Sebbene la manifestazione sia stata organizzata senza il permesso della questura, la polizia non è intervenuta. E per la prima volta anche Smirne e Antalya – due città sulla costa occidentale del paese – sono state teatro di marce e sfilate colorate.

Secondo il comitato organizzatore, composto da 18 associazioni della società civile, il 30 giugno scorso più di 50.000 persone si sono unite all’undicesimo appuntamento di Istanbul, quasi il doppio rispetto all’anno scorso. Un dato che non può essere interpretato separatamente dalle proteste che hanno animato piazza Taksim e altre zone del paese.

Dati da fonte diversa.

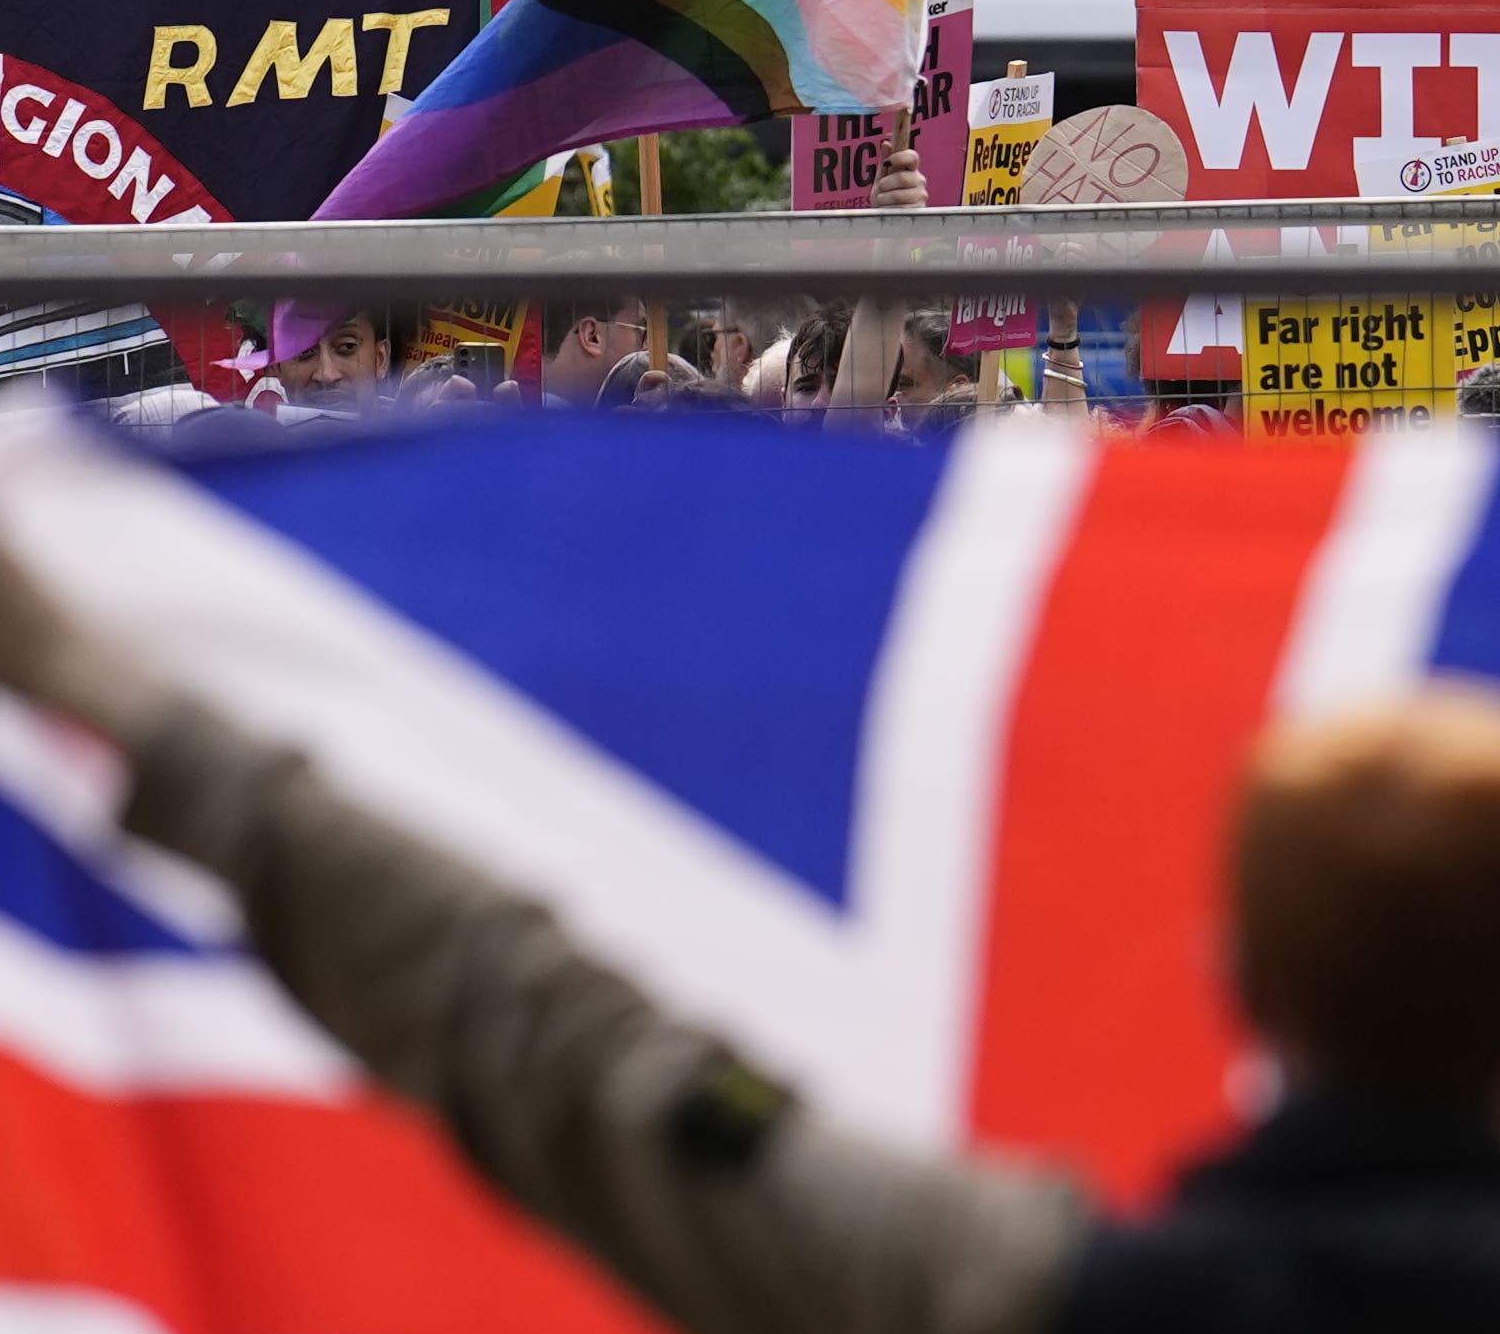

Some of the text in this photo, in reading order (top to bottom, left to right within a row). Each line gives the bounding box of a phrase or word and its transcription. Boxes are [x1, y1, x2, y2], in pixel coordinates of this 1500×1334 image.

“La reazione generale verso gay e lesbiche è cambiata durante le manifestazioni. In questo senso Gezi può rappresentare lo spiraglio per una ‘rivoluzione’. Non si tratta solamente di un evento politico e sociale ma di una trasformazione morale, addirittura spirituale”, si legge sul sito No Rhetorike Ismail Azboglu, attivista LGBT a Istanbul.

Non a caso il tema scelto per questa edizione del Pride è stata la ‘Resistenza’ – Direniş – parola chiave del movimento Occupy Gezi, con gli attivisti LGBT che si sono distinti per essere stati sempre in prima linea nelle mobilitazioni per la salvaguardia del parco, impegnandosi in un’opera di sensibilizzazione rispetto al tema dei diritti civili.

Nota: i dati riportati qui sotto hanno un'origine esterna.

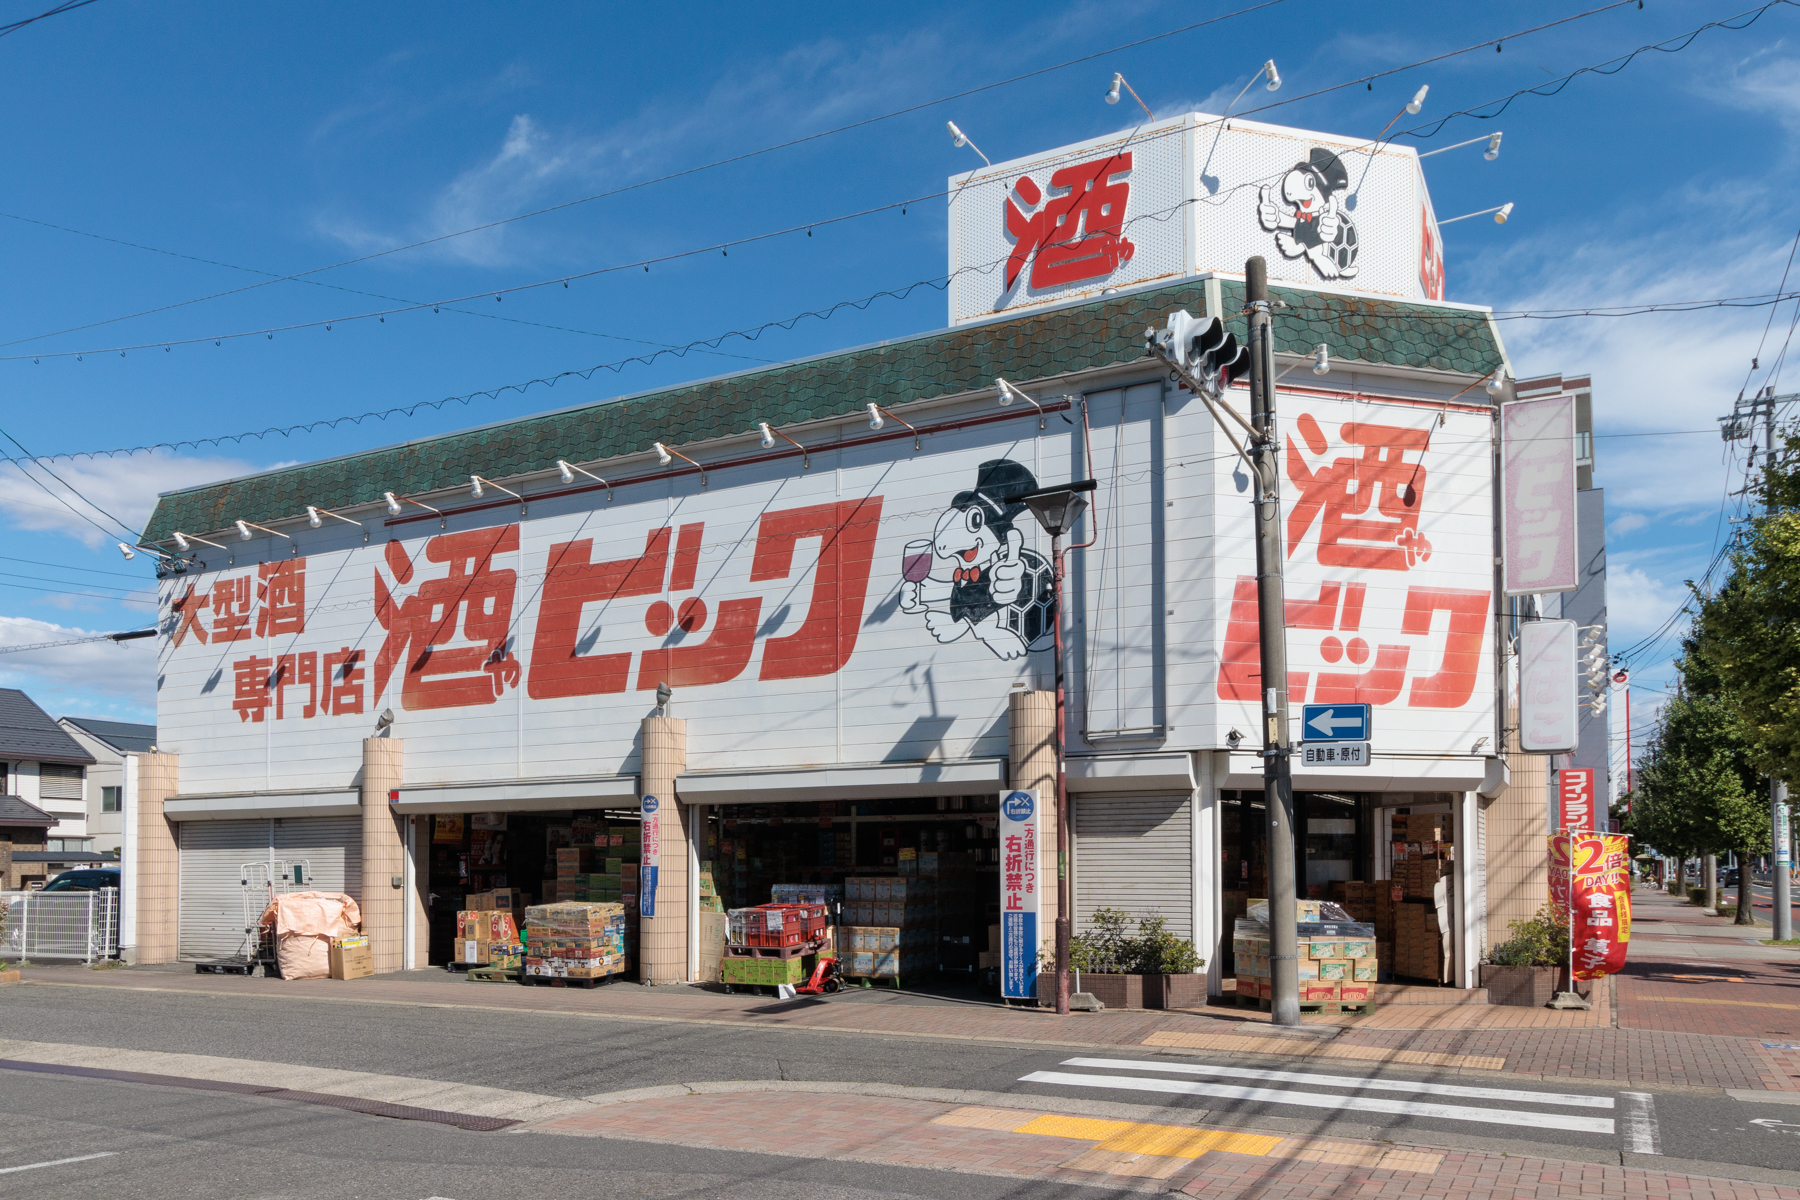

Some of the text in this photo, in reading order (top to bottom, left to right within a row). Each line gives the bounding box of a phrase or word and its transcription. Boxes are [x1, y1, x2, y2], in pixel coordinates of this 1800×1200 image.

[172, 557, 307, 649] 大型酒
[232, 646, 365, 723] 専門店
[1525, 628, 1570, 744] たばこ
[1306, 747, 1360, 762] 自動車・原付
[643, 820, 652, 866] 右折禁止
[1005, 834, 1023, 911] 右折禁止
[1024, 823, 1035, 893] 一方通行につき
[1580, 892, 1613, 969] 食品・菓子
[1618, 895, 1629, 934] 会員様限定

Insieme ad alcune associazioni femministe, hanno anche promosso una campagna per eliminare dalla piazza gli slogan offensivi e sessisti, retaggio di una mentalità arcaica e patriarcale, e hanno montato un’infermeria da campo per offrire primo soccorso ai feriti.

Così come durante gli scontri con la polizia hanno dato prova di coraggio e determinazione contro ogni stereotipo macista che generalmente ne accompagna la rappresentazione.

Presenti ai tanti forum serali – puntualmente organizzati in diversi parchi della città dal coordinamento ‘Solitarietà con Taksim’ -, i portavoce della comunità LGBT hanno invitato i presenti ad unirsi all’evento di quest’anno, e secondo i promotori, la partecipazione massiccia alle diverse sfilate è frutto di più ampi cambiamenti che stanno attraversando la società turca.

“Nelle ultime settimane ho vissuto personalmente molte scene che mi hanno sorpreso – continua Ismail -. Vecchie kemaliste che danzano con giovani curdi, comunisti che proteggono pii musulmani mentre adempiono alla preghiera. Due mesi fa non sarei stato in grado nemmeno di sognarle”.

Altro esempio dei cambiamenti sperimentati dalle giovani generazioni (e non solo) in quest’ultimo periodo: le manifestazioni di solidarietà indette dal movimento Occupy Gezi dopo l’uccisione di un ragazzo curdo a Diyarbakir.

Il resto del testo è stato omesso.